Whenever a picture appears, omit it, and set down everything else in the records exactly.

> [DATA RECORDS]:

· · · ·

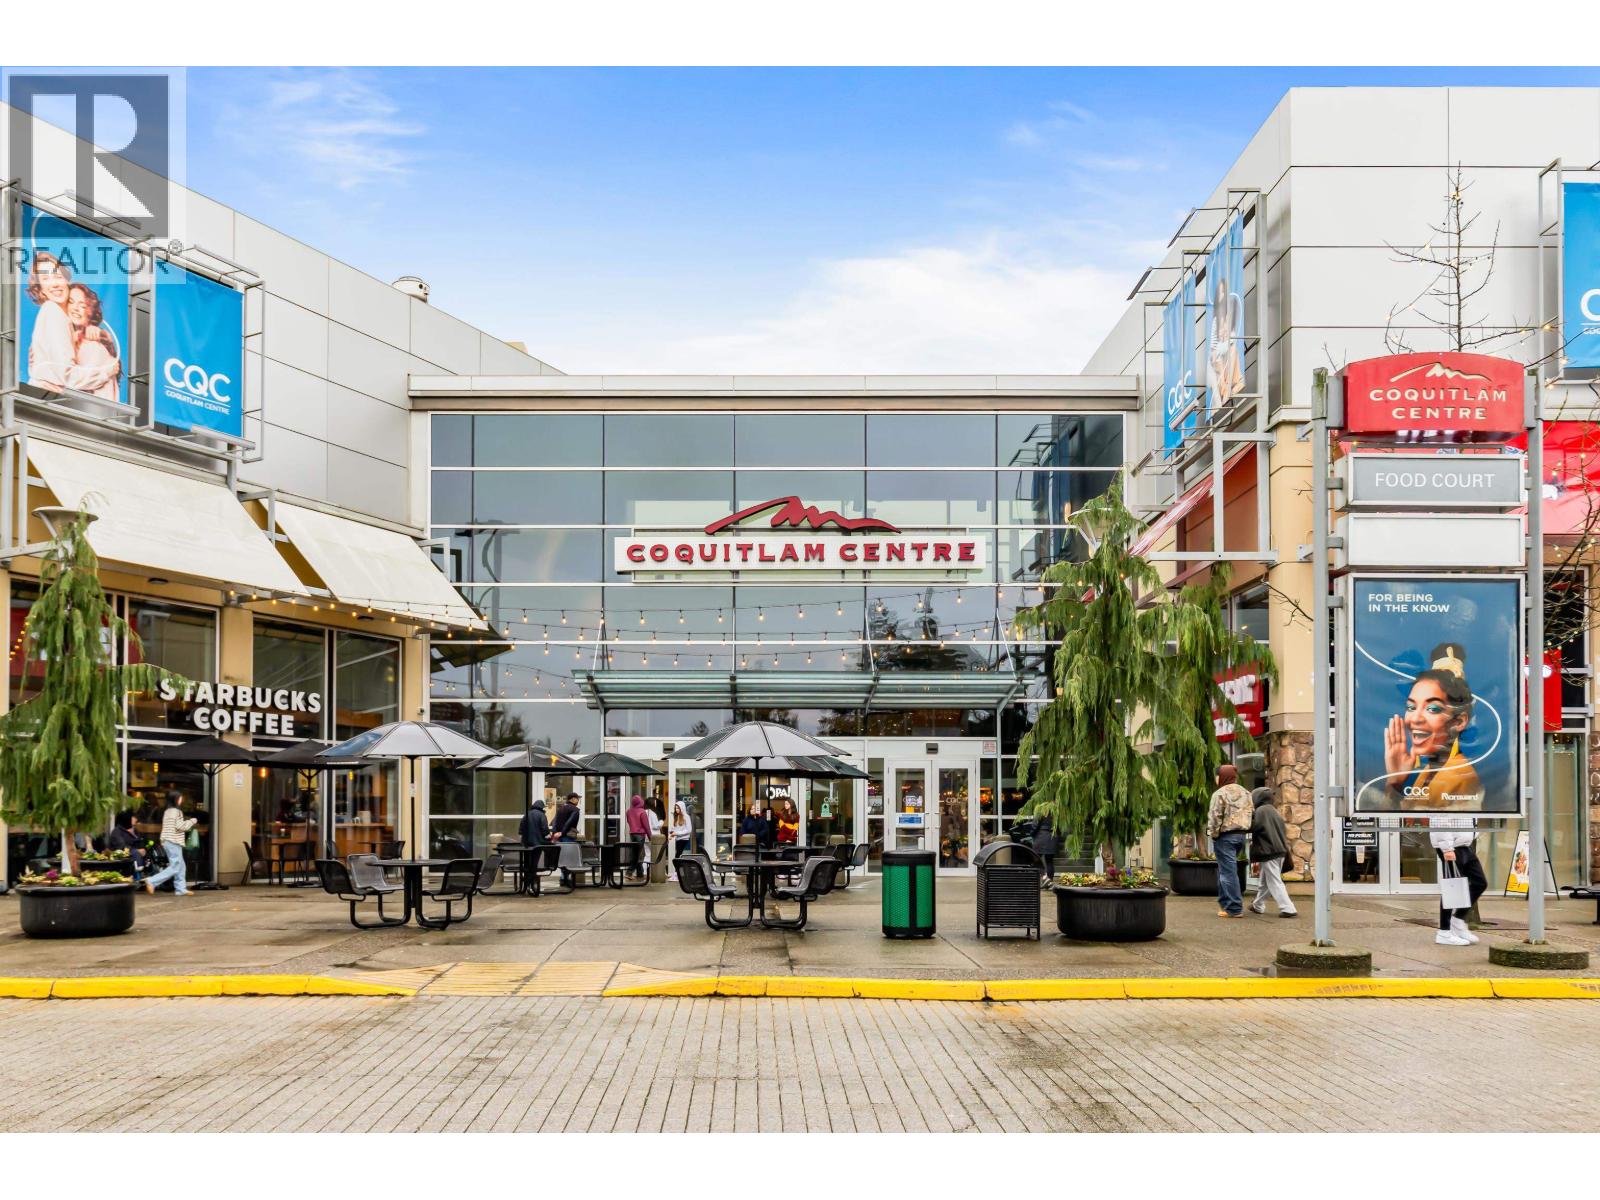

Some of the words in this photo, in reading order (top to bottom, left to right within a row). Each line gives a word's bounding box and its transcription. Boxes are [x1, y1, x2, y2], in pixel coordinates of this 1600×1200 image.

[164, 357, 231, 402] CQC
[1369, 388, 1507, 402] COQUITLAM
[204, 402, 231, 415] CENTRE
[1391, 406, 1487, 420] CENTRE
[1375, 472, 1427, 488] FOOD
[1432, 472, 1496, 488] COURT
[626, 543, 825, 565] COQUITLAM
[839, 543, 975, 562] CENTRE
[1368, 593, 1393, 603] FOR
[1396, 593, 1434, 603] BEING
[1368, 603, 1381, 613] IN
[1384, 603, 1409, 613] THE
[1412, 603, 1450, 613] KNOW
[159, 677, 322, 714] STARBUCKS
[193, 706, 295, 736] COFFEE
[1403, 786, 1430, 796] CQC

· · · ·

> [OUTPUT OF THE TASK]:
Some of the words in this photo, in reading order (top to bottom, left to right within a row). Each line gives a word's bounding box and its transcription. Boxes are [x1, y1, x2, y2], in pixel coordinates of this 1600×1200 image.

[164, 357, 231, 402] CQC
[1369, 388, 1507, 402] COQUITLAM
[204, 402, 231, 415] CENTRE
[1391, 406, 1487, 420] CENTRE
[1375, 472, 1427, 488] FOOD
[1432, 472, 1496, 488] COURT
[626, 543, 825, 565] COQUITLAM
[839, 543, 975, 562] CENTRE
[1368, 593, 1393, 603] FOR
[1396, 593, 1434, 603] BEING
[1368, 603, 1381, 613] IN
[1384, 603, 1409, 613] THE
[1412, 603, 1450, 613] KNOW
[159, 677, 322, 714] STARBUCKS
[193, 706, 295, 736] COFFEE
[1403, 786, 1430, 796] CQC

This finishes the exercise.